Employees sometimes see HR departments as the ultimate guardians of company interests. While there’s truth in this perception, the scale and scope of HR units have been growing to encompass talent management, retention, employee adaptability, diversity, and many more. When HR departments and policies lag behind in today’s fast-changing world, employees have limited incentives to adapt, learn, and advance.
What’s more, HR units in successful companies and organizations are rediscovering themselves as the primary enablers and motivators of team building. After all, developing a sense of camaraderie within an entity constitutes the foundational building block for a result-oriented, delivering organization. So, what are some of the methods you can apply to improve your team? Take a look.
Photo by Edmond Dantès
Overcoming the fear of failure
I’m sure you have all been there. We know learning is a key aspect of team building, organizational development, and effective project management. But there is no learning without making mistakes. If there is a genuine commitment to fostering iterative and continuous learning, HR units should take the lead in embracing the reality of human error and nurturing an environment that enables, not disables.
Encourage top executives in your company to act as role models. Ask them to set a precedent by talking about personal failures and resulting learning points. Encourage them to make it substantive (as opposed to something like, ‘I forget to thank people for the great work they do’), not to make it one of those boring, pro forma speeches.

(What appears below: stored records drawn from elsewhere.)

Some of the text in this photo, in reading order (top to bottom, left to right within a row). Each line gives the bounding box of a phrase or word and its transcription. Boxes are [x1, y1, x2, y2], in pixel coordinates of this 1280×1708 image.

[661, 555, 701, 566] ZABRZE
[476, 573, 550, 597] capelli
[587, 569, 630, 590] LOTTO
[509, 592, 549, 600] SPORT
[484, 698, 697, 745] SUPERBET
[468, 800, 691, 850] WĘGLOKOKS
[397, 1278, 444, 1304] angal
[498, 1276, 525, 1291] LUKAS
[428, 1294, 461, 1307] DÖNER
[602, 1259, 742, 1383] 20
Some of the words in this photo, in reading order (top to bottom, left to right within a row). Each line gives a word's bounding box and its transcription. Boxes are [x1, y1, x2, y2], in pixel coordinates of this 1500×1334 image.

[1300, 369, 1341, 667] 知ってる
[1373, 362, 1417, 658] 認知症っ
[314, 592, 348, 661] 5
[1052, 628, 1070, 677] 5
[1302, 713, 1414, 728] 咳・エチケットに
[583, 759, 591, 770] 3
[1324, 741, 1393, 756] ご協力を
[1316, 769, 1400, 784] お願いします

No one’s going to listen. Encourage them to focus on something serious if they want to nurture a genuine culture of learning.
HR units often have and lead a life of their own. That is a kind of culture that no longer flies in today’s interconnected and interdependent world. Success will remain beyond your reach if there is no sense of belonging, ownership, and camaraderie. There’s always a need to learn new methods for HR to improve your team. Therefore, HR units must be proactive in facilitating cross-office or cross-departmental collaboration.

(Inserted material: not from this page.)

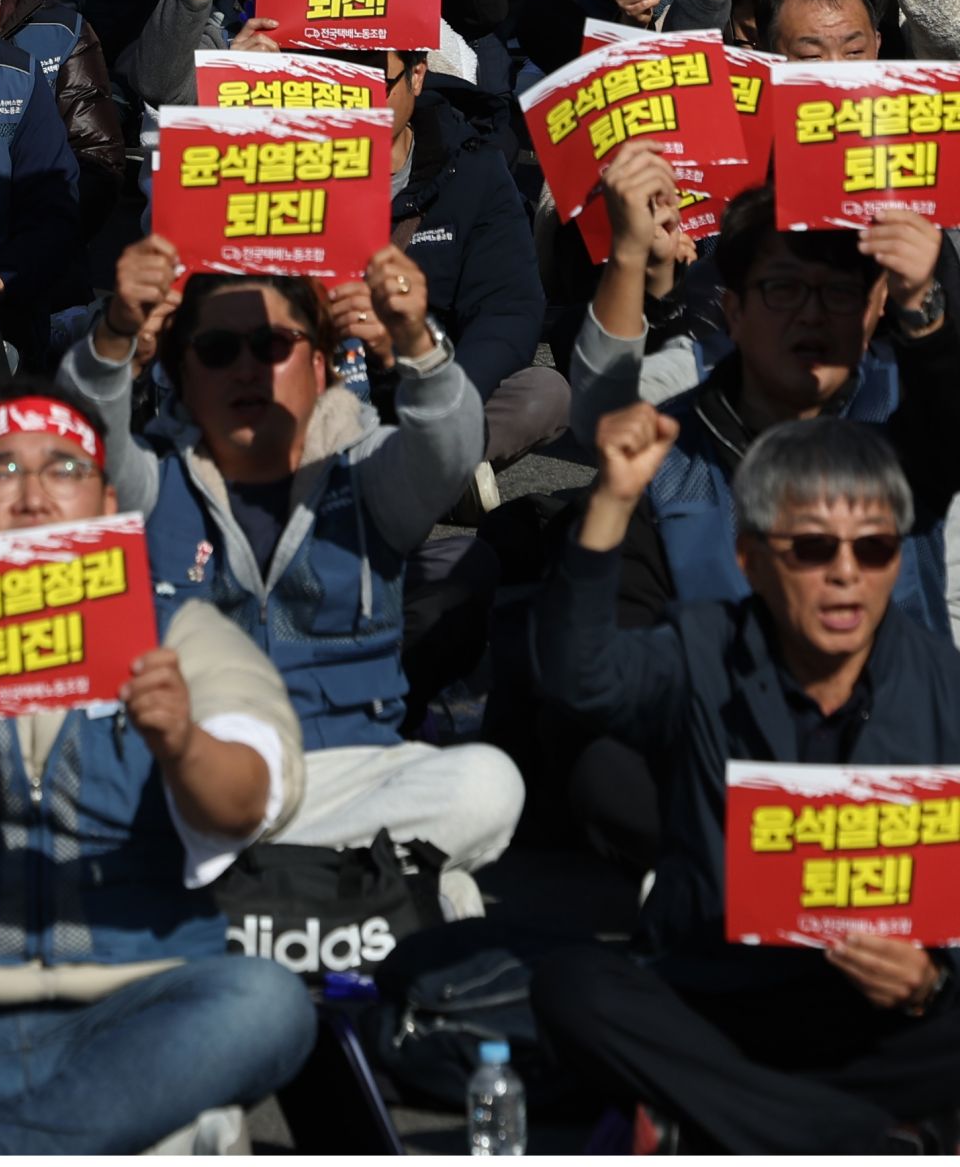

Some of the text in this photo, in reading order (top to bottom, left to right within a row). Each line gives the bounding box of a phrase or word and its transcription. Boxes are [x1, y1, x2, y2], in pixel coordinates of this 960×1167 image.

Again, a genuine and result-oriented process is what we’re looking for as opposed to mechanistic or pro forma processes. You don’t want to make people feel like they are going through the motions. How much do your finance folks know about strategic planning? Does your legal department talk to those working in the field? How much do you, as an HR person, know about communications strategies?
You can start with a series of informal conversations to get the ball rolling, giving your colleagues space to open up. Stereotypes and established routines are not easy to break, so allow time and show patience. Sooner than you think, you’ll start seeing great ideas about fostering cross-fertilization, synergies, and, eventually, symbiotic relationships.

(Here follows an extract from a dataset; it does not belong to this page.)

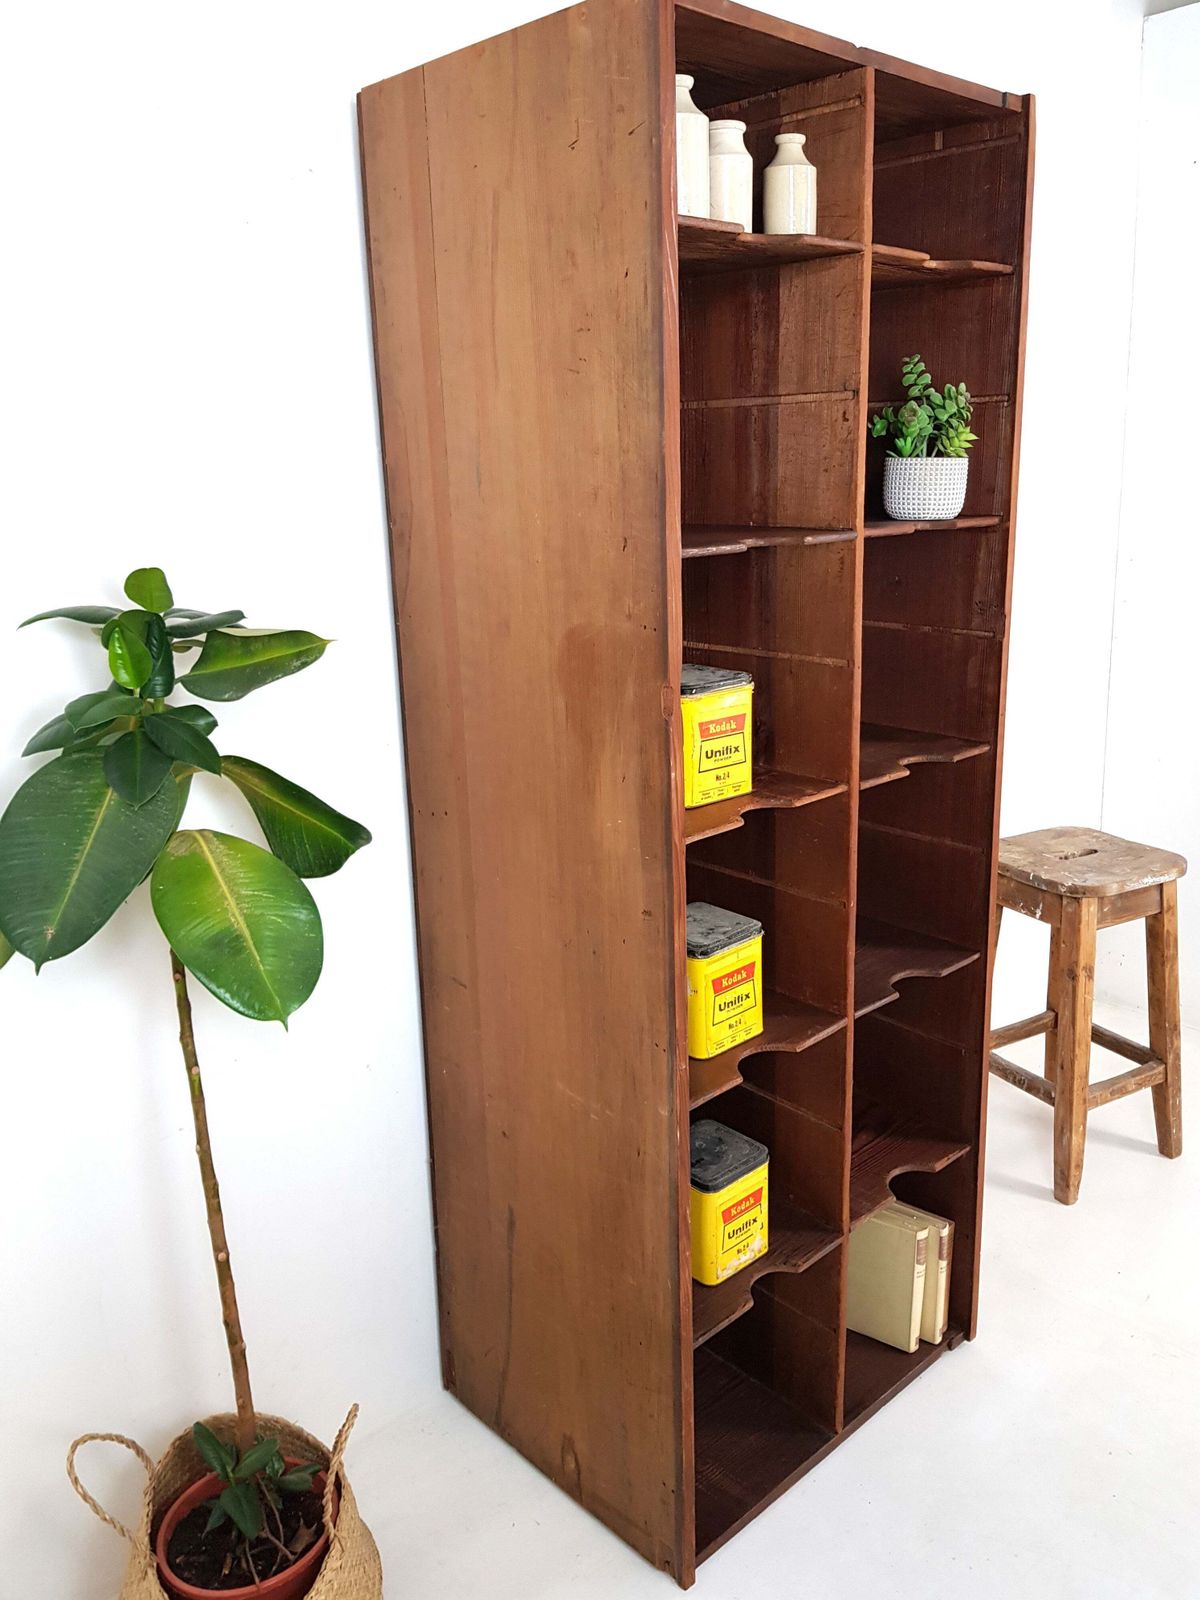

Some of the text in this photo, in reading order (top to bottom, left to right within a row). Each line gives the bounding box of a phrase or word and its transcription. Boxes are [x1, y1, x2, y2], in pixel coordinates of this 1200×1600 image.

Objectives and Key Results (OKR)
This is not exactly a new tool, but it has stood the test of time, and a number of its variants have been developed ever since it was conceived several decades ago. OKR is rooted in the concept of developing a coherent set of performance objectives for all employees. Specific targets will vary, of course, but the idea is to have them designed with a view to the overall strategic goal of the company.
Irrespective of your job role, none of your annual objectives is any good if it does not contribute to the overall purpose. Think of individual performance objectives as lighthouses that guide your ship to the ultimate destination. Set them, gauge progress, learn, and revise them to correct or change course.
It is important to ensure that employees are free to share their objectives with one another. This promotes both transparency and mutual trust.
Google was the first company to adopt the approach successfully. Bono was and still is a big fan and proponent of OKR. It’s a simple tool that can drive your organization to ultimate success with minimal and cost-effective inputs.
It would be a missed opportunity if I didn’t mention technology. With so many software options, apps, and tools, there is probably too much available to our liking. It is not my intention to cover them all, but I cannot help mentioning a few that merit your consideration.
Culture Amp is a well-tested tool for employee engagement. It is designed to develop personalized solutions for effective and continuous development. It can also be used to collect feedback, track progress, and facilitate dialogue.
Leapsome is another good one, designed to close the gap between performance management, staff engagement, and iterative learning. Its developers also promote Leapsome as one of the best and most easy-to-use tools for objective setting.
HR managers love Typelane for its ease of use, especially when it comes to onboarding new employees. This is an all-in-one platform that helps track the entire employee life cycle.
There are many more. I just pointed to a handful of good resources. The idea is to find one that matches your goals and organizational culture best.
Don’t forget we are human
While technology, software, and platforms make our busy lives easier and less time-consuming, don’t forget that we are not AI-engineered. It’s important to understand and respond to employee needs and aspirations.
Encourage empathy and work with people to help them with their personal and professional development needs. Those who combine work and studies may need professional dissertation assistance to manage their academic workloads. Help them maintain a healthy work-life and work-study balance.
Don’t substitute human relations and interactions with digital tools. Make sure you give people the breathing space to take breaks, enjoy human interaction, and simply talk.
HR policies and tools must keep pace with fast-changing developments around us. With change being the only constant in the world, they must draw on innovative as well as well-tested tools to foster team-building as an ultimate prerequisite for result-oriented success.